Cap n' Trade

So let's talk about cap and trade a little.

I admit that I'm a little unstudied on the details of it. Here's my understanding:

An American system (which would need to be passed through Congress) would build off an already-implemented European system, with a few updates. In general, though, the principle remains the same: emiting more carbon dioxide (or just carbon? Not sure) than a certain amount (the cap) means that your company would have to buy enough permits to cover the overage. The "trade" part comes in because you can buy permits from other companies that don't have as great a need for them (because they've reduced their carbon output). The idea is that carbon emissions can be regulated with a free market hand, and that can produce more innovative carbon reduction strategies than a straight tax. (Or, the fact that it is a theoretically-free market is just supposed to appeal more to conservative economists - I don't know.)

So that's all pretty straightforward, in relative terms. The real questions are how the to-some-degree-successful European system can be adapted to not only work better (they had a rocky start, for reasons I'll explain) but also to work for the United States, because we're all special people.

One of those questions is how companies get permits to be traded in the first place. My understanding is that the Europeans gave a certain number away and that that caused a lot of problems (because then the prices of the permits were so low that no one needed to cut back to save money). From what I've heard, the possible solution (and also what the European Union is doing now) is to have the government auction a certain number of permits which are then distributed between companies. How that fixes things, I don't know - my knowledge of both the details and economics are a little too sketchy at this point (but at least I admit that). And, of course, it's all conjecture anyway; no one has actually introduced a carbon cap and trade bill, they're just thinking about it.

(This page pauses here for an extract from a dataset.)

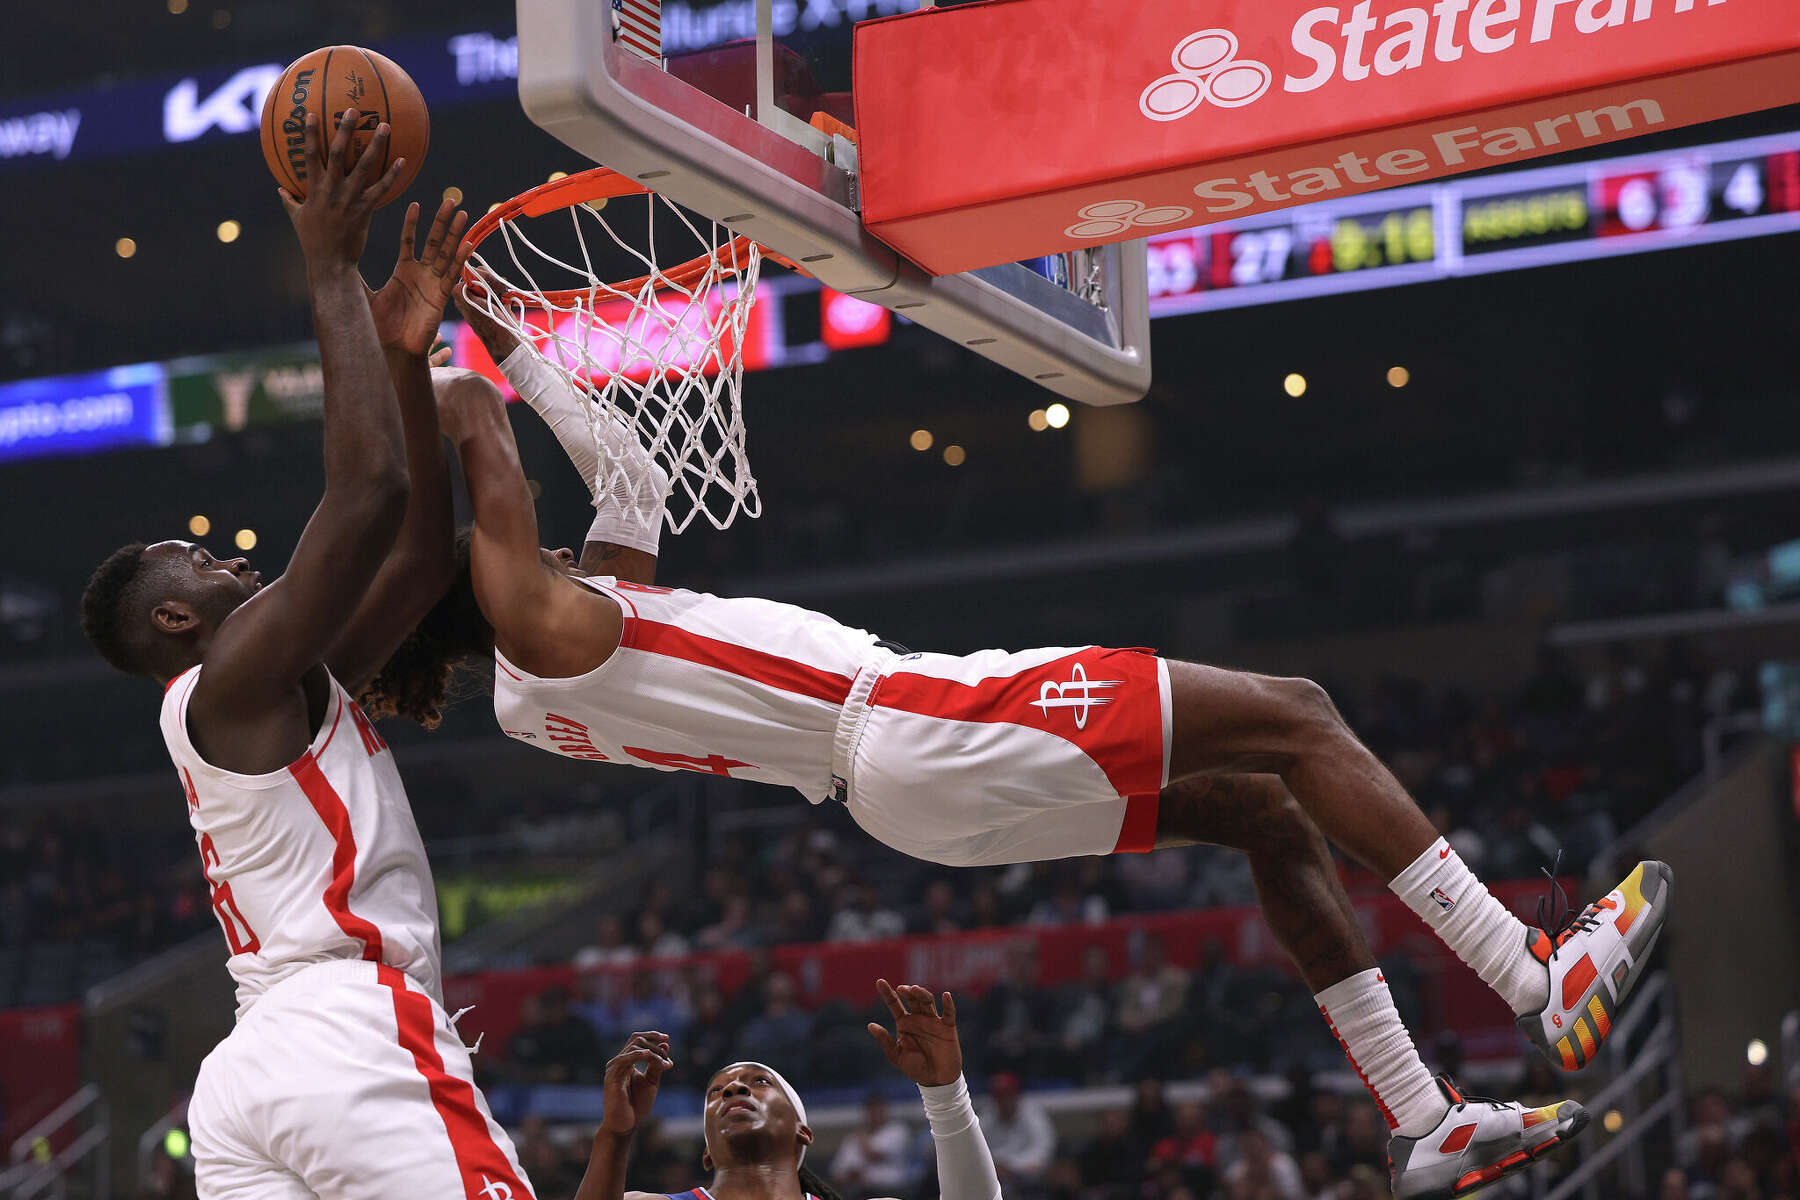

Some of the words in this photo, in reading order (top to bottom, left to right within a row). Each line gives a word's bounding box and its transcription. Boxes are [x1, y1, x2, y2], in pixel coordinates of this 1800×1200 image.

[1283, 0, 1521, 93] State
[1194, 148, 1430, 213] State
[1432, 99, 1665, 166] Farm
[0, 392, 134, 448] pto.com

The other problem that people perceive is one of geography. Right now, there are parts of the country (the interior and South, mostly) that depends heavily on the fossil fuel trade. Texas is huge into refineries and oil. Parts of the country like West Virginia are huge into coal. Much of the power plants in the interior are fossil-fueled. So that's half of the geography equation.

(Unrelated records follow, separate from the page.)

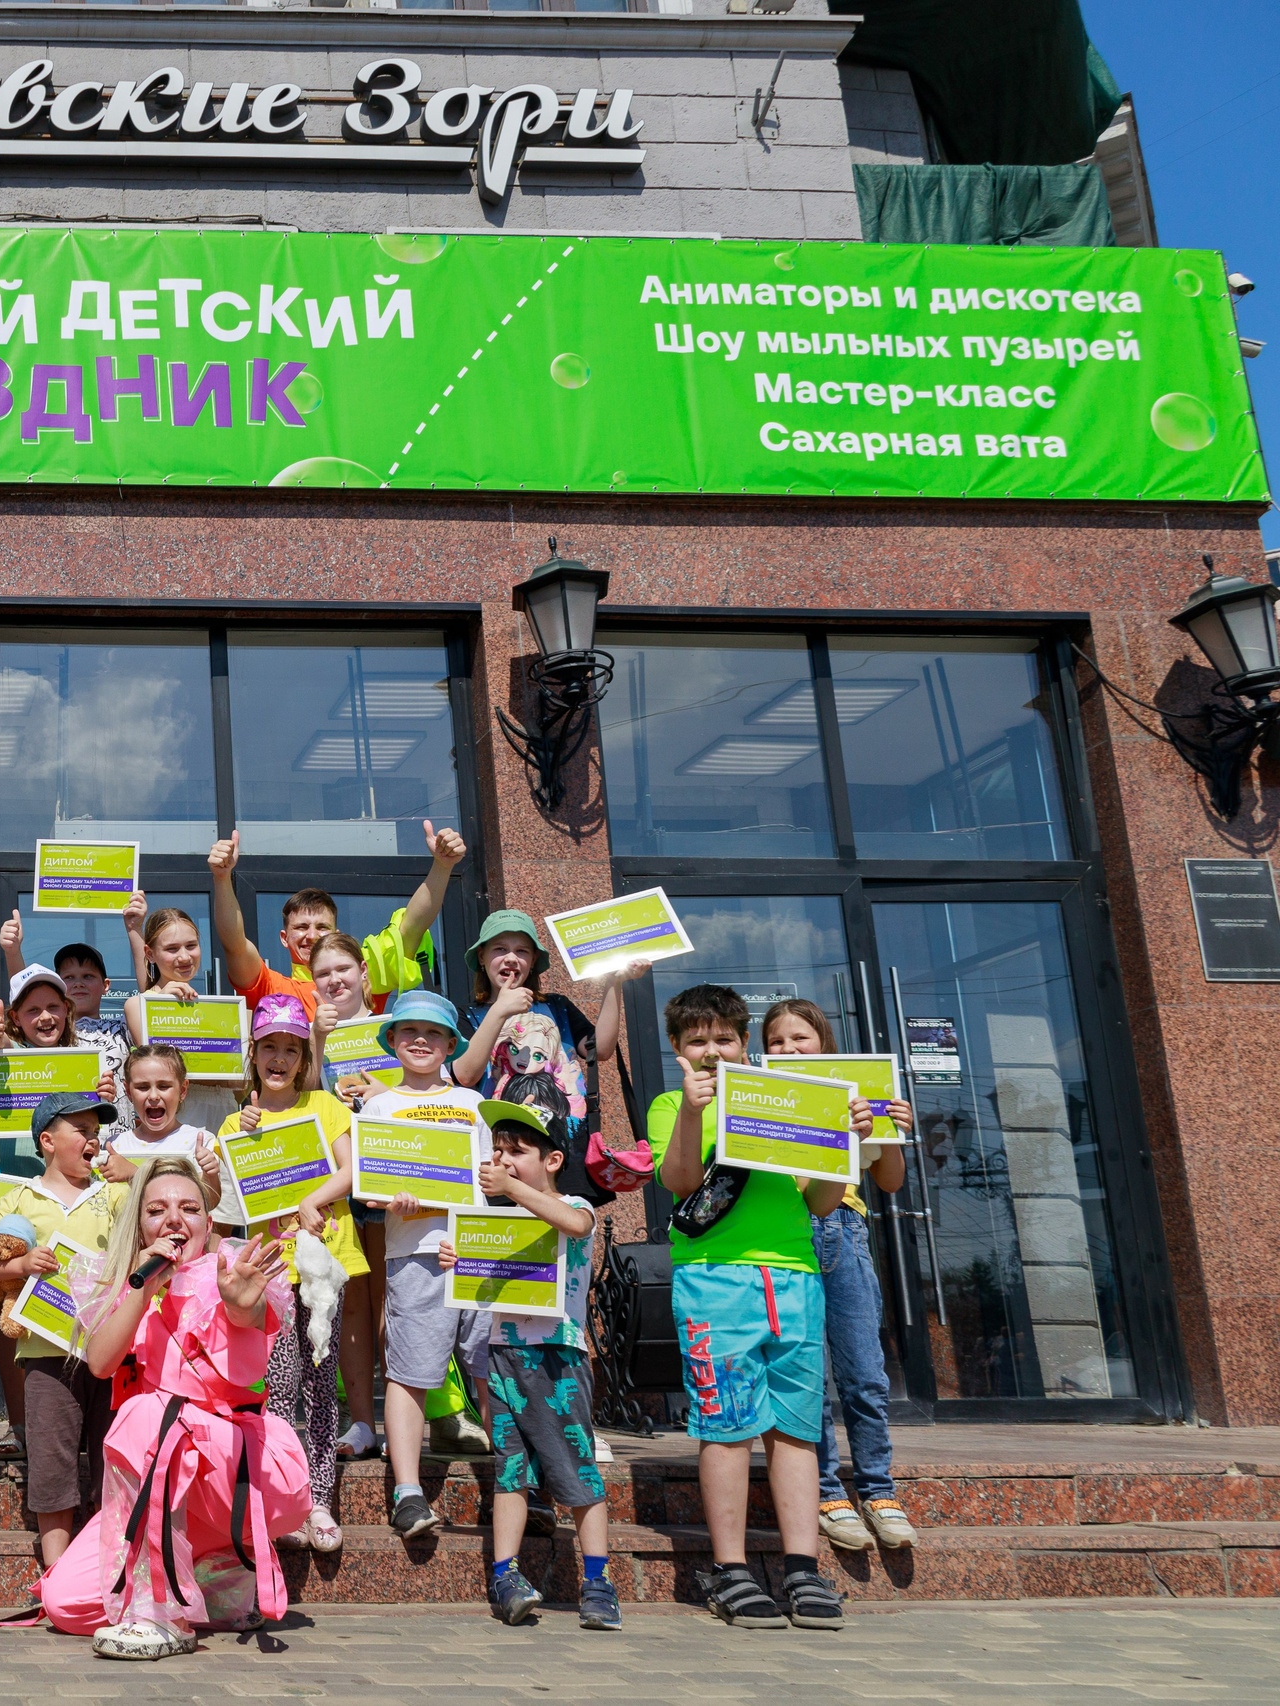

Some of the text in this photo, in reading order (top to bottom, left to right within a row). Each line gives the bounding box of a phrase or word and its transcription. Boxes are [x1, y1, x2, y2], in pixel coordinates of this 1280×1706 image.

[345, 58, 646, 201] Зори
[639, 275, 1142, 316] Аниматоры и дискотека
[61, 273, 415, 348] ДЕТСКИЙ
[655, 323, 1141, 369] Шоу мыльных пузырей
[754, 373, 1056, 413] Мастер-класс
[759, 422, 1067, 462] Сахарная вата
[731, 1090, 795, 1109] ДИПЛОМ
[730, 1125, 796, 1140] ЮНОМУ КОНДИТЕРУ
[731, 1118, 836, 1139] ВЫДАН САМОМУ ТАЛАНТЛИВОМУ
[363, 1136, 422, 1151] ДИПЛОМ
[459, 1232, 513, 1245] ДИПЛОМ
[477, 1262, 501, 1270] САМОМУ
[502, 1264, 547, 1273] ТАЛАНТЛИВОМУ
[479, 1269, 511, 1277] КОНДИТЕРУ
[36, 1289, 61, 1306] ЮНОМУ
[39, 1284, 62, 1300] ВЫДАН
[686, 1317, 722, 1417] HEAT

The other half is that a carbon cap and trade bill is supposed to encourage innovation and emissions reduction. The concern here is that a disproportionate amount of that innovation would come from places like California and New York, which would result in more high-tech jobs in those places. So the net effect some people worry about is that jobs would leave some parts of the country (as fossil fuel industries have to shell out more money for innovations or permits) and jobs would be created in other parts (where the innovation is actually going to take place).

In a nutshell, this is why cap and trade seems like such a tough bill to pass through Congress. Not only are the Republicans against it, because they're opposed to it ideologically (but should they be, really?) but the worry is that some Democrats will be against it at well, because it may cost jobs in their states. That would bring the number of people likely to vote for it below 60, which is the supermajority that's become essentially required now because everything is filibustered now because the Republicans are horrible, spiteful individuals that can't see past their own personal aggregation of power to the bigger picture that would save not only their constituents but also the nation (not bitter, not bitter - must remember, Democrats filibuster too, everyone is evil [LINK TO YGLESIAS?]).

Possible solutions? Well, they're thin on the ground - mostly because, in my own, admittantly untutored view, this is more an issue of perception than fact. Leaving out the fact that Republicans have been known to make up crazy facts about bills they don't like (example: the mythical high-speed rail line between LA and Vegas ), there just isn't a lot of knowledge about what cap and trade might do. But the economic crisis has got everyone (a little understandably) shook up, which is why this is generally thought of as A Bad Time To Try For Cap And Trade.

That hasn't stopped the B-man's administration from putting forward the idea that a cap and trade bill could contain multiple regions based on geography - but again, details, no one knows, etc. - and if people have made up their minds that cap and trade is a Bad Idea or this is a Bad Time, then all the logical, wisdom-based alterations in the world probably won't help.

I have no idea why I'm so bitter today. Too much coffee? Too many videos of deniers who, inexplicably, have desks in the Chambers of Congress?

...Sorry. Not bitter. Not bitter. It's been a strange day.

Here's the thing that anyone invoking the geographical question seems to be missing - the effects of climate change, especially in the short term, are also geographically focused. While the global marketplace might spread the effects of things like shocks to food and water systems all over (remember when weather made fast food places take tomatoes off their burgers?), the localized effects will be predominantly in the southern and coastal areas of the United States. And that seems like an important point to consider.